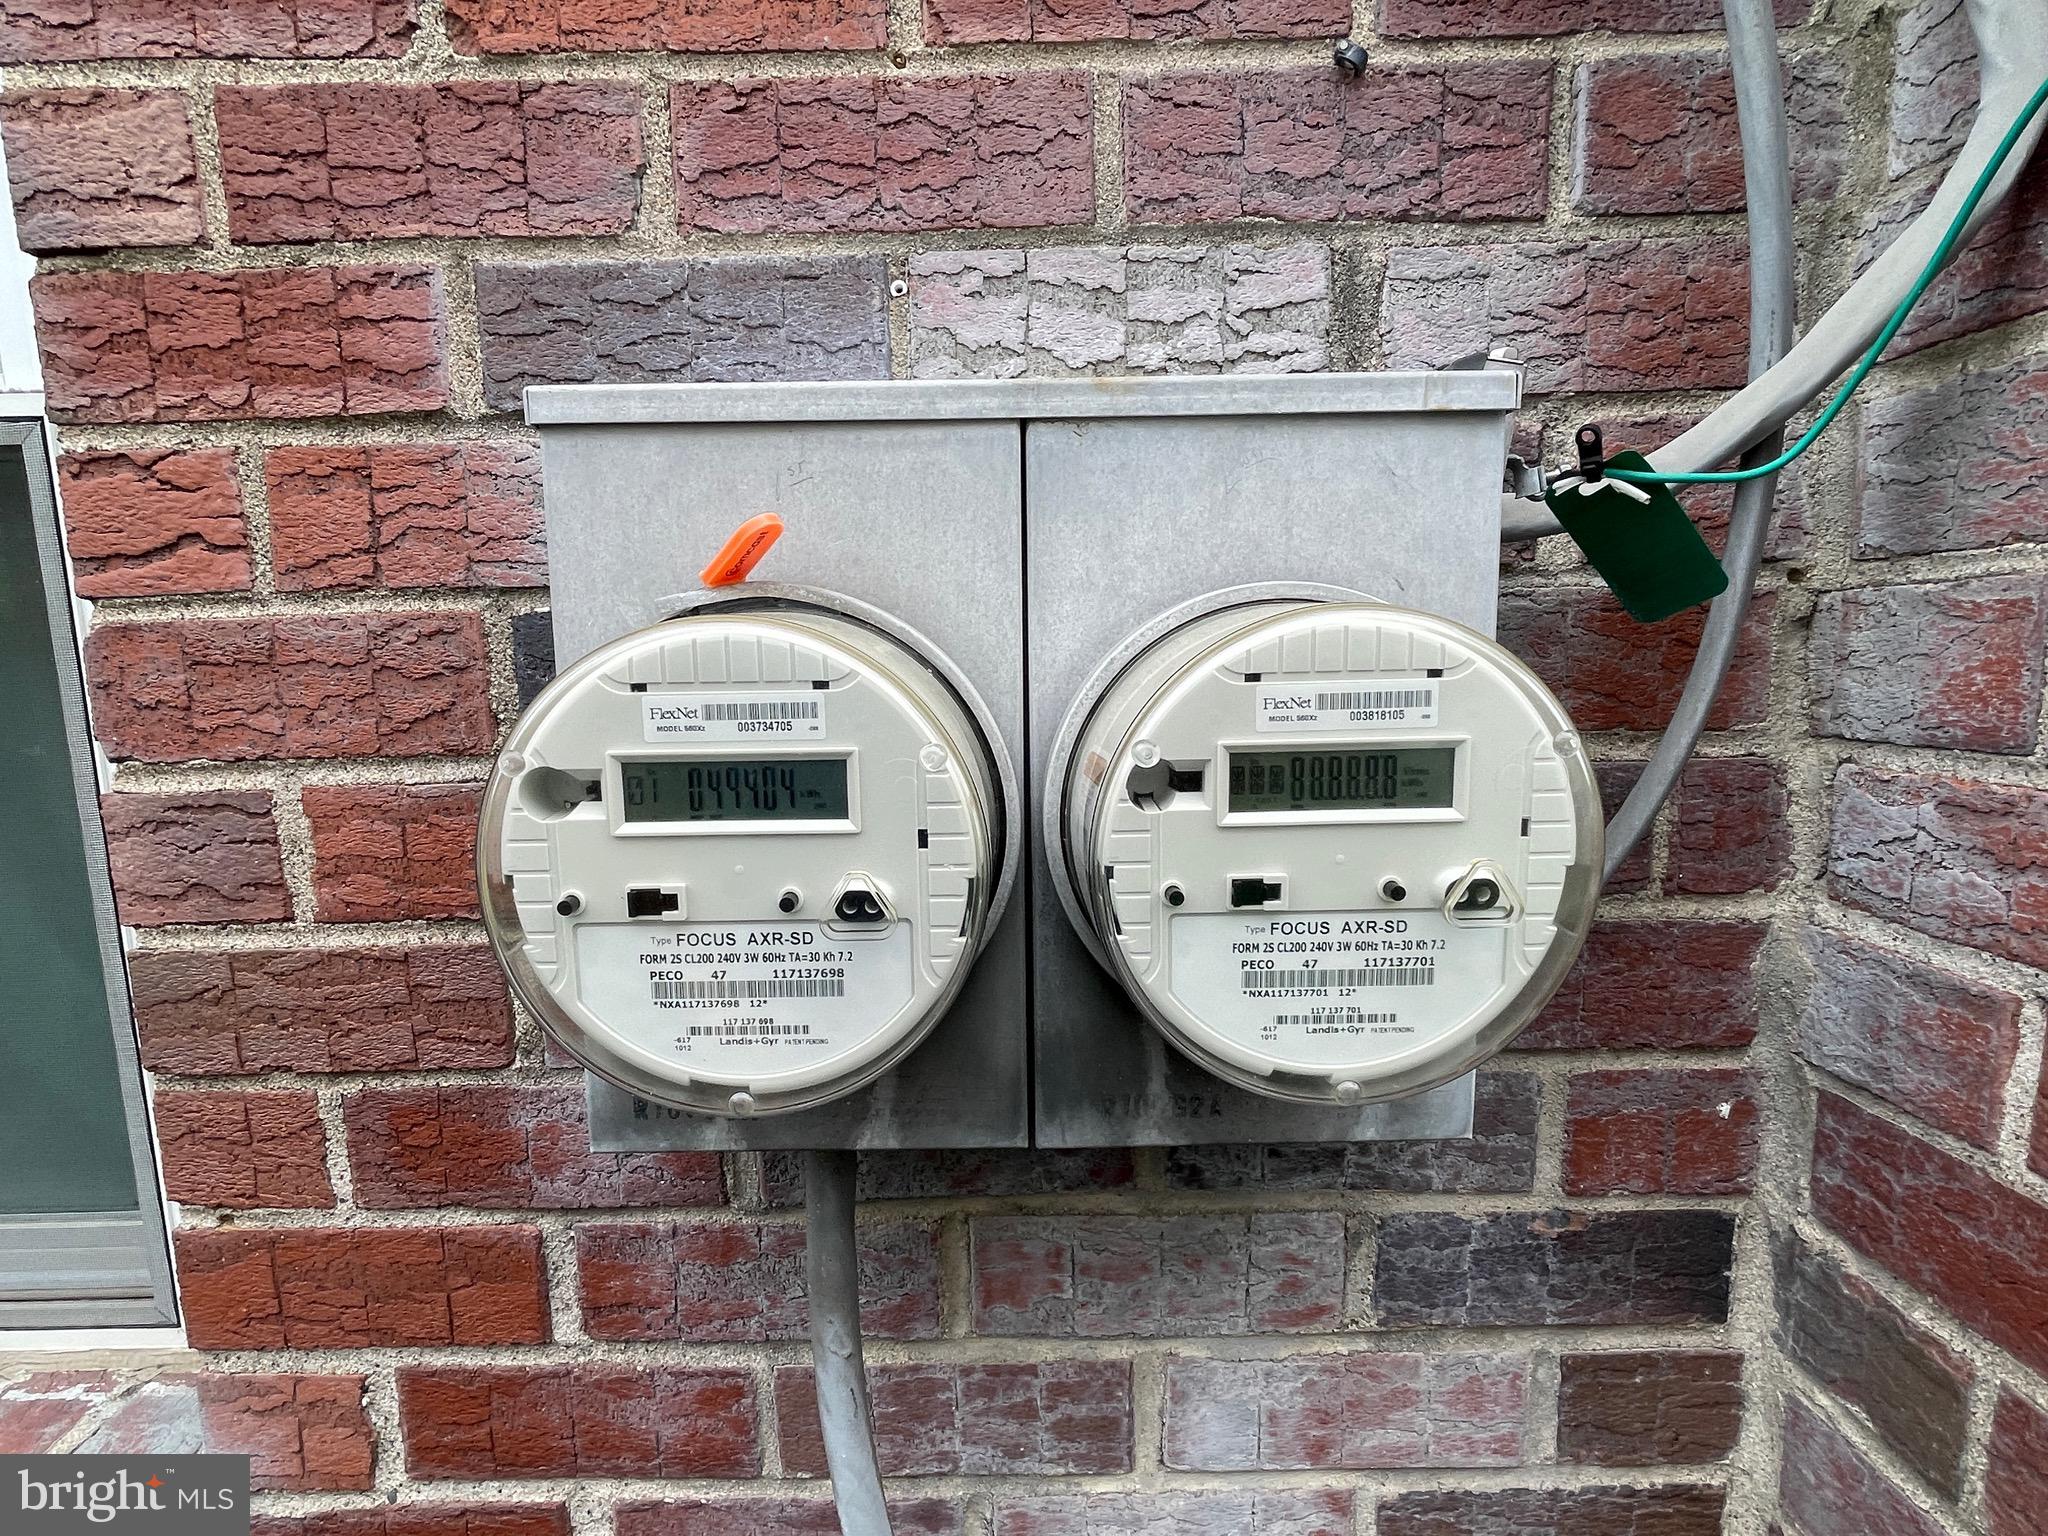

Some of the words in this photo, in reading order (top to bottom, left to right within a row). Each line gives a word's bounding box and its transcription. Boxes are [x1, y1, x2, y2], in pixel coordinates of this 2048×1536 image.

[1263, 697, 1312, 710] FlexNet
[650, 707, 698, 720] FlexNet
[1268, 714, 1295, 722] MODEL
[1350, 710, 1405, 721] 003818105
[737, 721, 793, 732] 003734705
[1245, 925, 1265, 935] Type
[1270, 921, 1330, 935] FOCUS
[1341, 920, 1408, 934] AXR-SD
[651, 936, 671, 946] Type
[676, 933, 736, 946] FOCUS
[747, 932, 813, 946] AXR-SD
[1232, 943, 1260, 954] FORM
[1263, 942, 1275, 953] 2S
[1277, 942, 1307, 952] CL200
[1310, 941, 1334, 952] 240V
[1336, 941, 1351, 951] 3W
[1354, 941, 1379, 951] 60Hz
[1382, 940, 1413, 951] TA=30
[1416, 940, 1429, 950] Kh
[1431, 940, 1446, 950] 7.2
[640, 954, 667, 964] FORM
[670, 953, 682, 964] 2S
[684, 953, 714, 964] CL200
[718, 953, 741, 963] 240V
[744, 952, 759, 963] 3W
[762, 952, 786, 963] 60Hz
[789, 952, 820, 962] TA=30
[823, 951, 836, 962] Kh
[838, 951, 853, 962] 7.2
[1241, 960, 1275, 970] PECO
[1302, 959, 1318, 969] 47
[1364, 957, 1435, 968] 117137701
[650, 971, 683, 981] PECO
[711, 970, 727, 980] 47
[772, 968, 845, 979] 117137698
[723, 1018, 738, 1026] 117
[1306, 1025, 1364, 1035] Landis+Gyr
[719, 1037, 779, 1046] Landis+Gyr
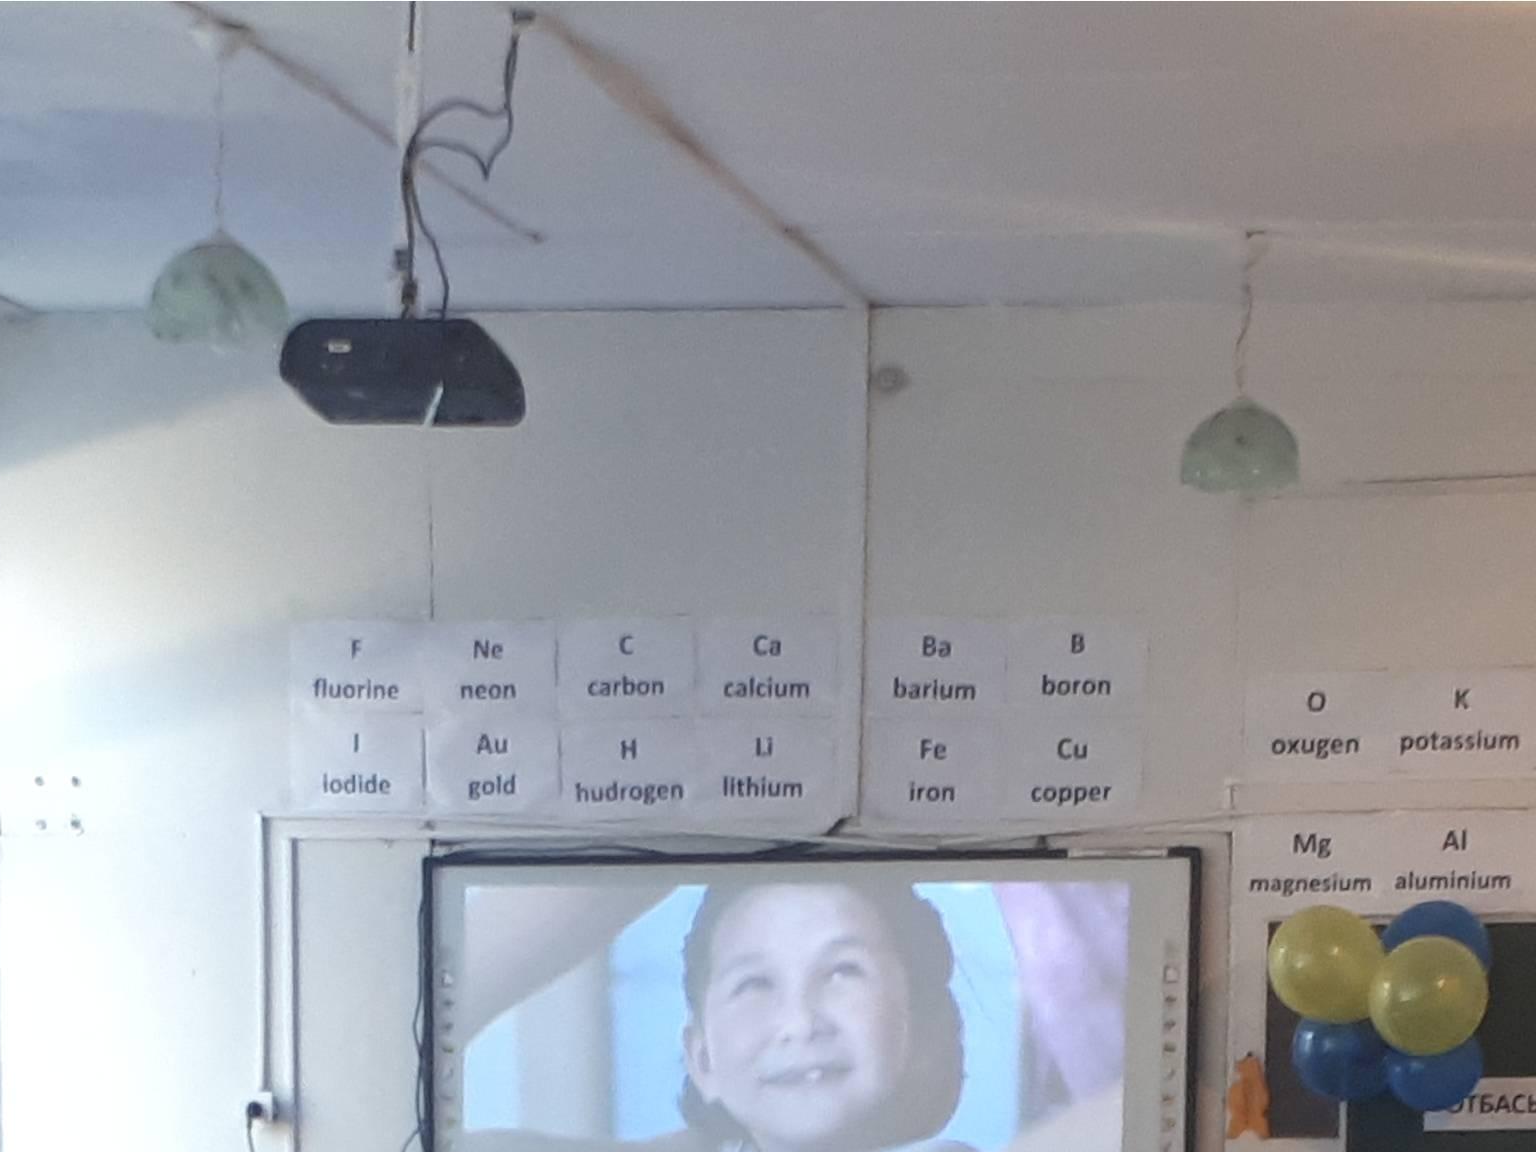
::::::::
- _Work instructions_
Copy the material above word for word, images excluded.

- _Result for this task_
Some of the words in this photo, in reading order (top to bottom, left to right within a row). Each line gives a word's bounding box and its transcription. Boxes are [x1, y1, x2, y2], in pixel coordinates of this 2048×1536 image.

[1263, 697, 1312, 710] FlexNet
[650, 707, 698, 720] FlexNet
[1268, 714, 1295, 722] MODEL
[1350, 710, 1405, 721] 003818105
[737, 721, 793, 732] 003734705
[1245, 925, 1265, 935] Type
[1270, 921, 1330, 935] FOCUS
[1341, 920, 1408, 934] AXR-SD
[651, 936, 671, 946] Type
[676, 933, 736, 946] FOCUS
[747, 932, 813, 946] AXR-SD
[1232, 943, 1260, 954] FORM
[1263, 942, 1275, 953] 2S
[1277, 942, 1307, 952] CL200
[1310, 941, 1334, 952] 240V
[1336, 941, 1351, 951] 3W
[1354, 941, 1379, 951] 60Hz
[1382, 940, 1413, 951] TA=30
[1416, 940, 1429, 950] Kh
[1431, 940, 1446, 950] 7.2
[640, 954, 667, 964] FORM
[670, 953, 682, 964] 2S
[684, 953, 714, 964] CL200
[718, 953, 741, 963] 240V
[744, 952, 759, 963] 3W
[762, 952, 786, 963] 60Hz
[789, 952, 820, 962] TA=30
[823, 951, 836, 962] Kh
[838, 951, 853, 962] 7.2
[1241, 960, 1275, 970] PECO
[1302, 959, 1318, 969] 47
[1364, 957, 1435, 968] 117137701
[650, 971, 683, 981] PECO
[711, 970, 727, 980] 47
[772, 968, 845, 979] 117137698
[723, 1018, 738, 1026] 117
[1306, 1025, 1364, 1035] Landis+Gyr
[719, 1037, 779, 1046] Landis+Gyr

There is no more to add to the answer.